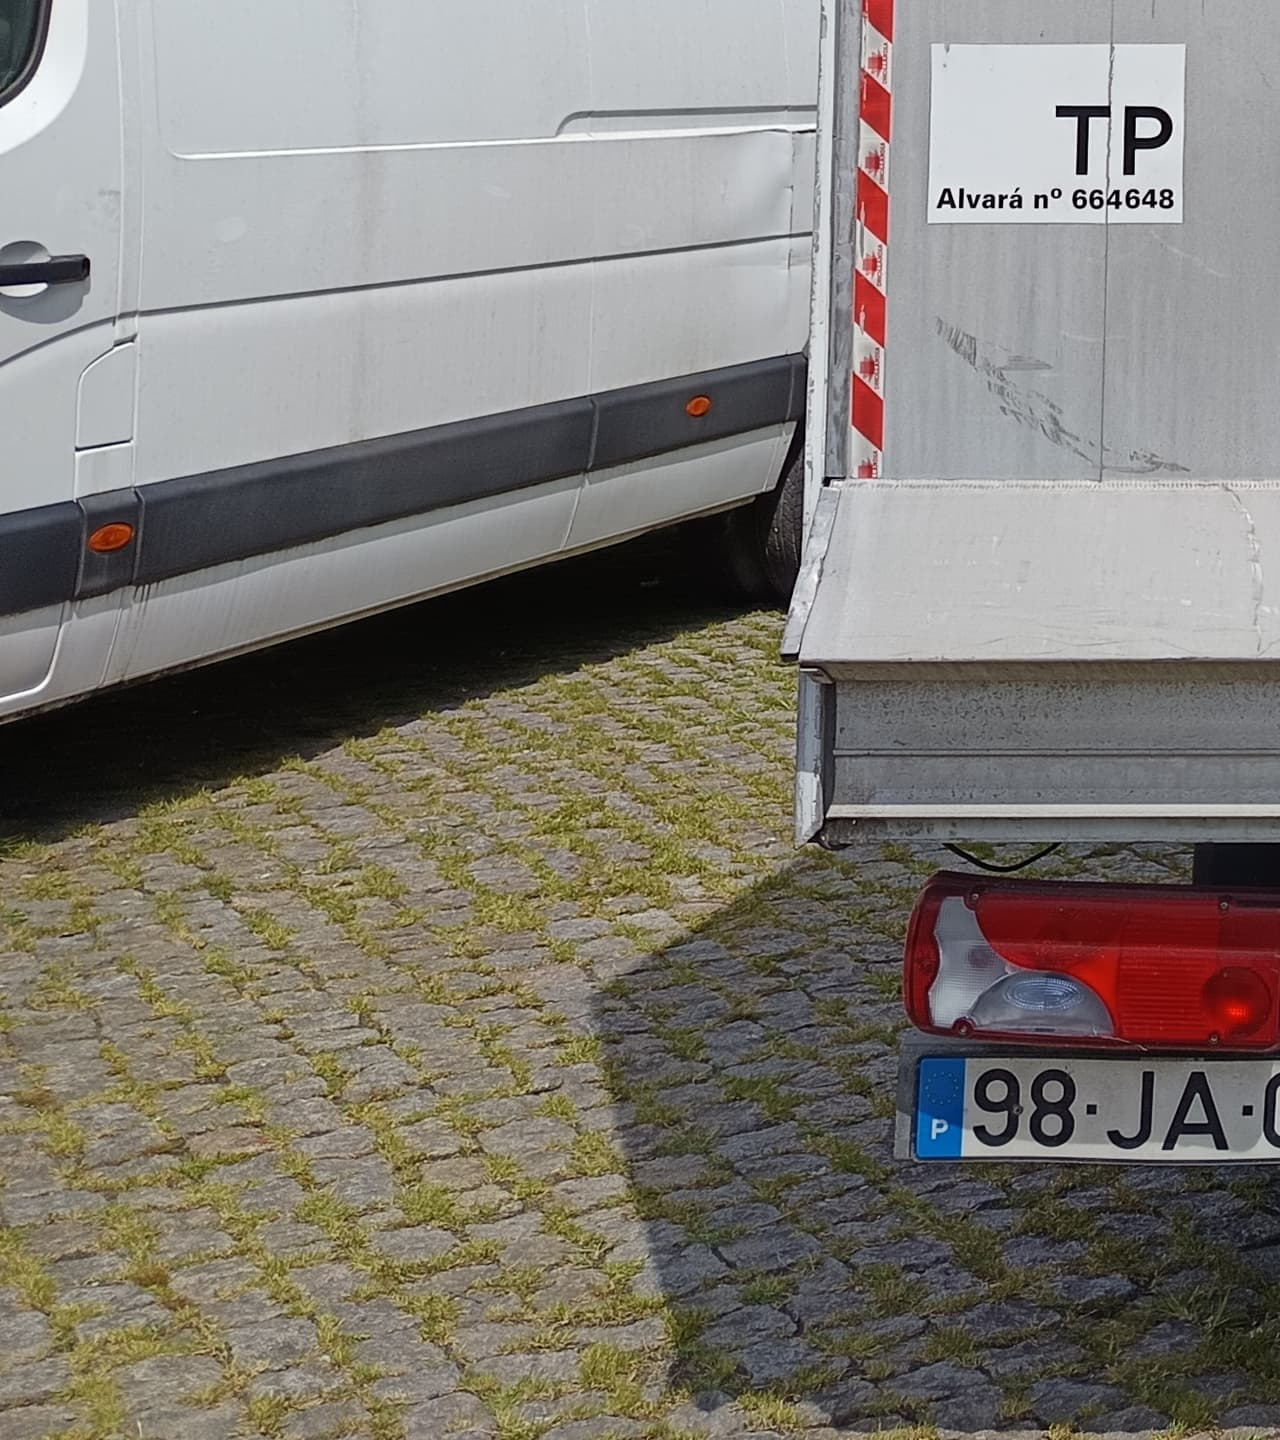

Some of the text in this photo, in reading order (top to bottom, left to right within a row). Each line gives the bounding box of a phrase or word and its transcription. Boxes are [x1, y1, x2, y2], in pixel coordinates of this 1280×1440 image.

[1055, 105, 1173, 176] TP
[936, 187, 1175, 210] Alvará nº 664648
[931, 1118, 948, 1140] P
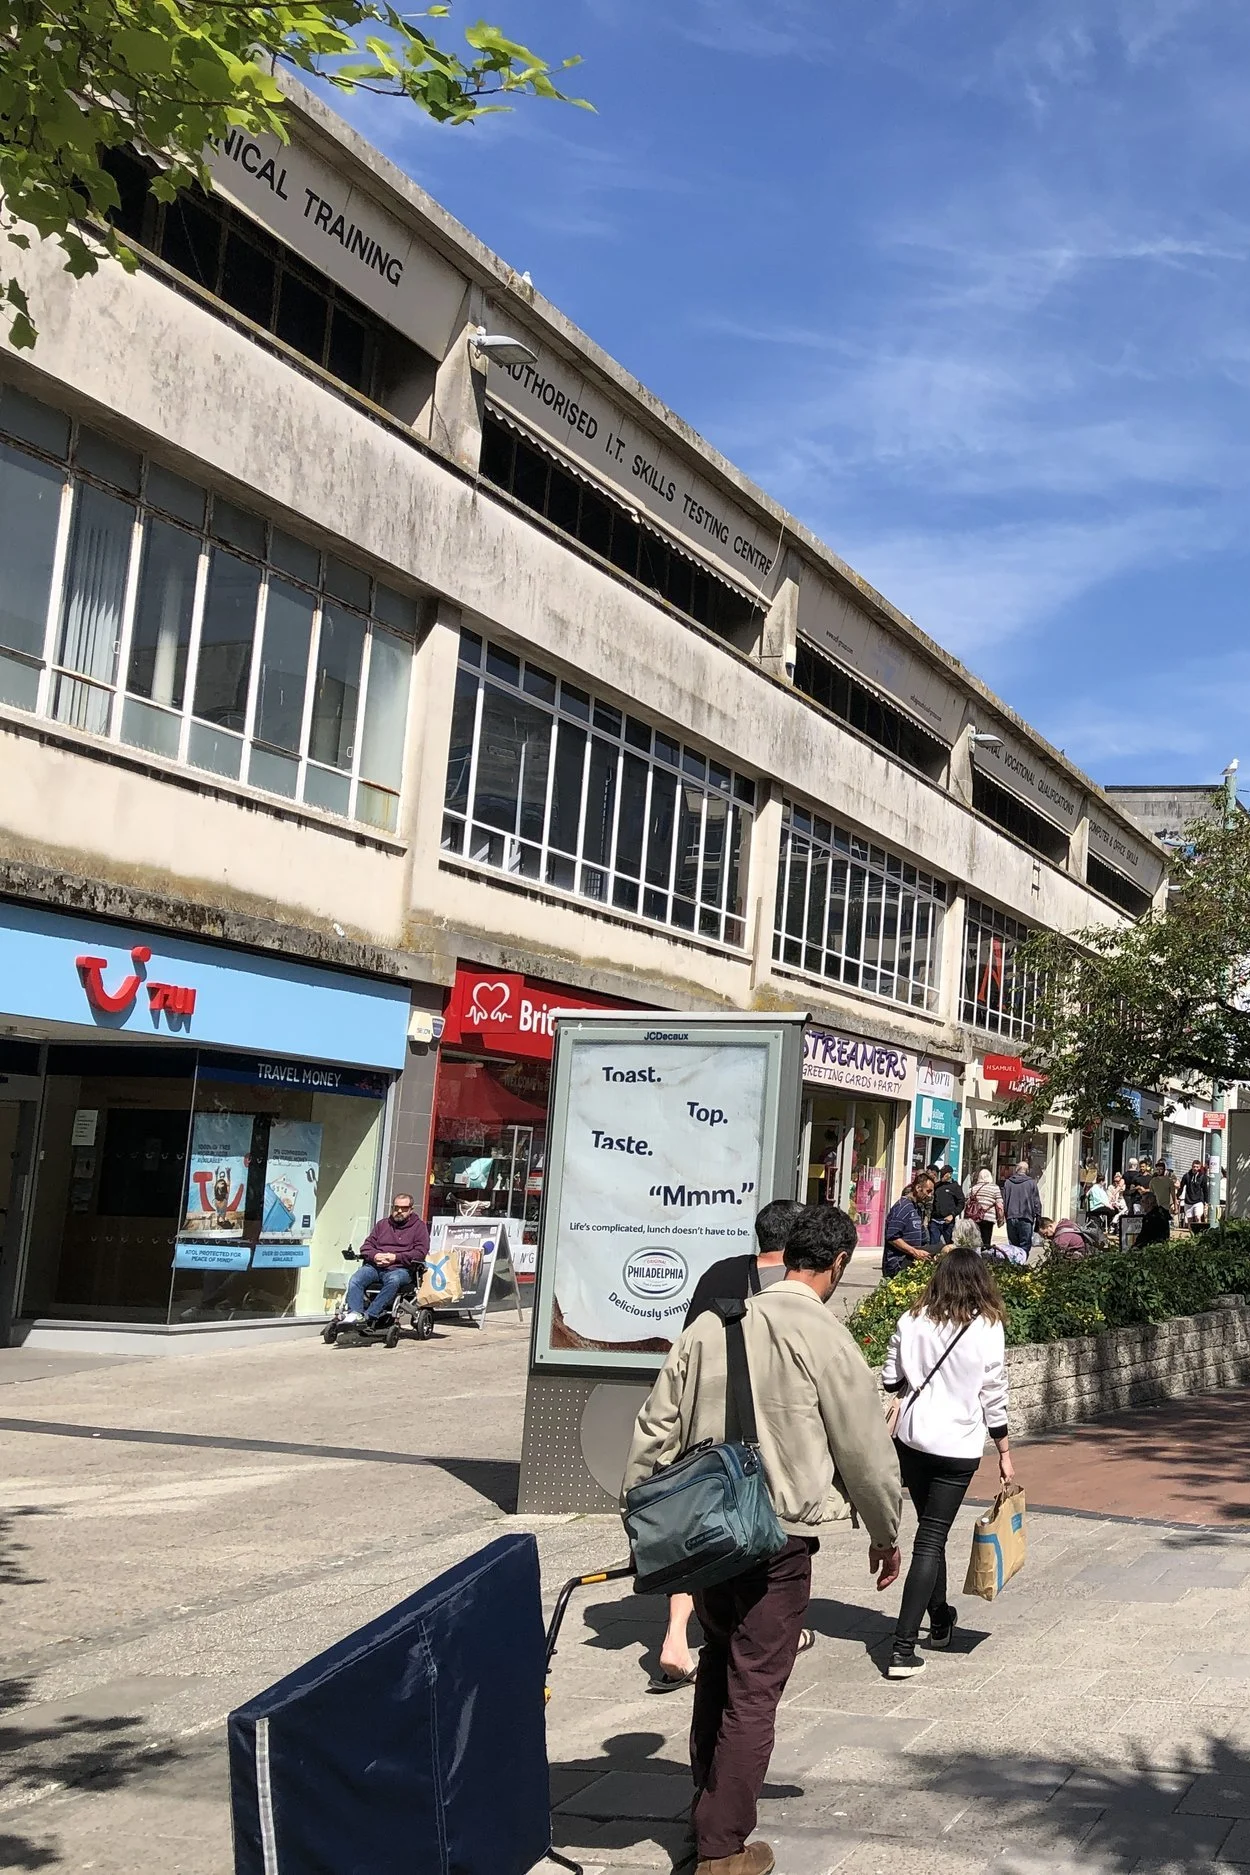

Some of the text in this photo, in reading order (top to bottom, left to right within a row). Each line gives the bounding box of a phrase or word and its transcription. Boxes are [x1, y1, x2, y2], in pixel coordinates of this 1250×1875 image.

[209, 129, 404, 287] NICAL TRAINING
[605, 432, 626, 463] I.T.
[632, 454, 676, 502] SKILLS
[682, 494, 729, 544] TESTING
[733, 536, 773, 576] CENTRE
[1004, 752, 1075, 816] VOCATIONAL QUALIFICATIONS
[1089, 819, 1111, 844] COMPUTER
[643, 1031, 689, 1041] JCDecaux
[258, 1063, 341, 1087] TRAVEL MONEY
[602, 1066, 662, 1083] Toast.
[803, 1063, 844, 1084] GREETING
[845, 1072, 872, 1089] CARDS
[877, 1079, 902, 1094] PARTY
[687, 1101, 728, 1126] Top.
[591, 1130, 653, 1156] Taste.
[649, 1182, 754, 1207] “Mmm.”
[570, 1222, 750, 1236] Life’s complicated, lunch doesn’t have to be.
[627, 1265, 684, 1280] PHILADELPHIA
[608, 1291, 661, 1321] Deliciously

####################

An exact, word-for-word version of the material is required, free of pictures.

Some of the text in this photo, in reading order (top to bottom, left to right within a row). Each line gives the bounding box of a phrase or word and its transcription. Boxes are [x1, y1, x2, y2], in pixel coordinates of this 1280×1440 image.

[1055, 105, 1173, 176] TP
[936, 187, 1175, 210] Alvará nº 664648
[931, 1118, 948, 1140] P

Some of the text in this photo, in reading order (top to bottom, left to right within a row). Each line gives the bounding box of a phrase or word and its transcription. Boxes are [x1, y1, x2, y2], in pixel coordinates of this 1250×1875 image.

[209, 129, 404, 287] NICAL TRAINING
[605, 432, 626, 463] I.T.
[632, 454, 676, 502] SKILLS
[682, 494, 729, 544] TESTING
[733, 536, 773, 576] CENTRE
[1004, 752, 1075, 816] VOCATIONAL QUALIFICATIONS
[1089, 819, 1111, 844] COMPUTER
[643, 1031, 689, 1041] JCDecaux
[258, 1063, 341, 1087] TRAVEL MONEY
[602, 1066, 662, 1083] Toast.
[803, 1063, 844, 1084] GREETING
[845, 1072, 872, 1089] CARDS
[877, 1079, 902, 1094] PARTY
[687, 1101, 728, 1126] Top.
[591, 1130, 653, 1156] Taste.
[649, 1182, 754, 1207] “Mmm.”
[570, 1222, 750, 1236] Life’s complicated, lunch doesn’t have to be.
[627, 1265, 684, 1280] PHILADELPHIA
[608, 1291, 661, 1321] Deliciously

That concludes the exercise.